Getting It Out In View

What you see is not necessarily what you get. The well-dressed man’s brain is filled with realistic though bizarre characters who will get under your skin. Image borrowed from here.

I recently finished a book by the crime writer Jim Thompson. If his name is unfamiliar to you, you may have seen one of the films of one of his books: The Getaway, The Grifters or The Killer Inside Me. Or maybe you saw his scripts filmed by Stanley Kubrick: The Killing or Paths of Glory. Or maybe this is the first time you’re hearing about him.
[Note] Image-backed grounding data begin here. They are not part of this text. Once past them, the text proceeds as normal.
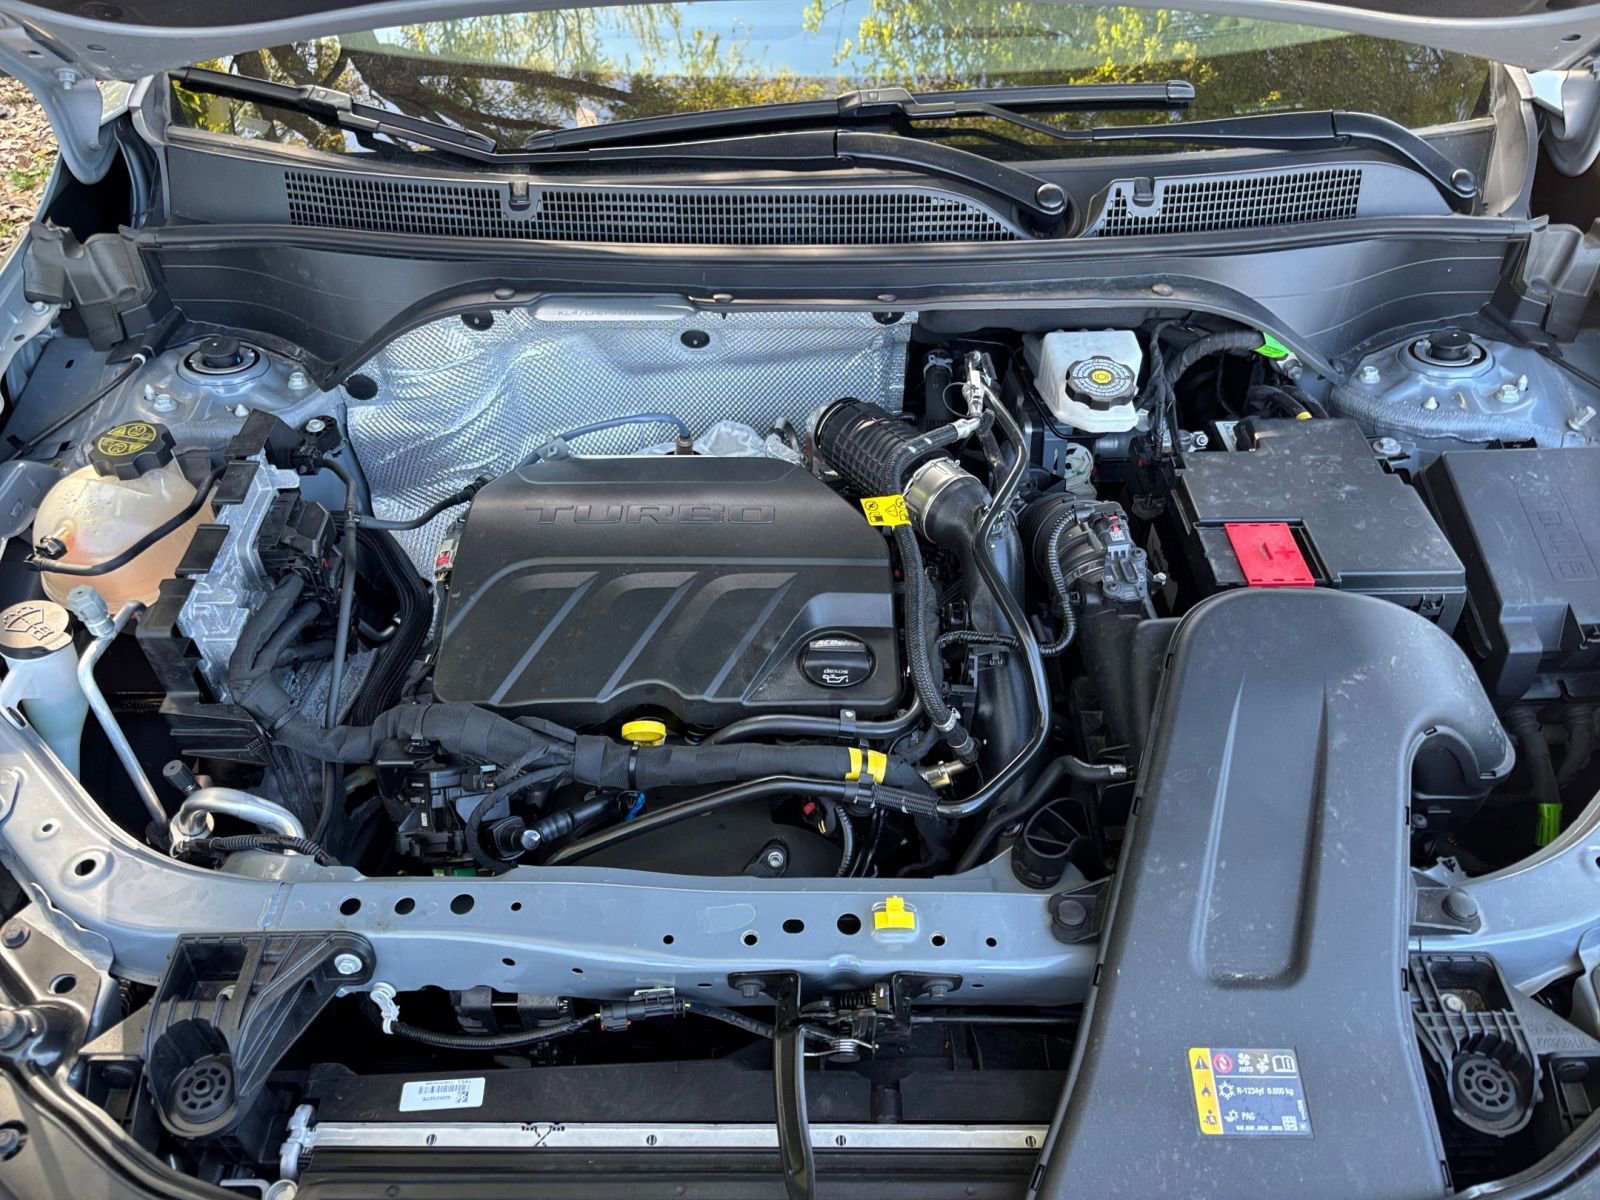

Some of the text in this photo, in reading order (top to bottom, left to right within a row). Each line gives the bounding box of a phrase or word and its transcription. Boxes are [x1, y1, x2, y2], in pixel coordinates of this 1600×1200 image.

[525, 504, 776, 524] TURBO
[815, 639, 860, 647] ACDelco
[1236, 1087, 1264, 1096] R-1234yf
[1285, 1087, 1294, 1096] kg
[1241, 1112, 1255, 1120] PAG
His stories are peopled with characters who are so twisted, so damaged that one cannot turn away from the story. It’s like each person he’s writing is such a train wreck that to not look is impossible. Pop. 1280 is the most twisted thing I’ve read since The Killer Inside Me. In Killer, you’re as involved as the main character in every depraved act that’s committed, complicit in the crimes. The same is true in 1280, but he adds a layer of racism that’s beyond uncomfortable and it’s even uncomfortable in the mind of the narrator.

Each book, written in first person, puts the reader deep inside a main character’s insidious brain squirming with creeping tendrils of evil and malice disguised as rational thought. It’s unnerving, to say the least. I couldn’t stop reading. I had to know what was going to happen next.

Dropping compelling characters into bizarre circumstances is certainly one way to keep me engaged in a story and Pop. 1280 is a master class in how to do it. Each chapter ends not just on a cliffhanger, but with the expectation that while that may be a nice place to stop you’d better not. If you do — well, let’s just say that no matter what you think might happen next it won’t hold a candle to what does happen. It’s not the shock value that kept me reading, it was that the darker the places his characters went the more it made sense. He drew me deeply into those parts of my psyche that I don’t often go.

In comic books ending a scene at the bottom of a page is one way to ensure that the reader turns past the full-page ad for sneakers you can’t afford in order to find out what happens next. With prose that’s a lot harder. Unless the writer knows ahead of time what the format of the book will be and even then it’s going to be a crapshoot, I think.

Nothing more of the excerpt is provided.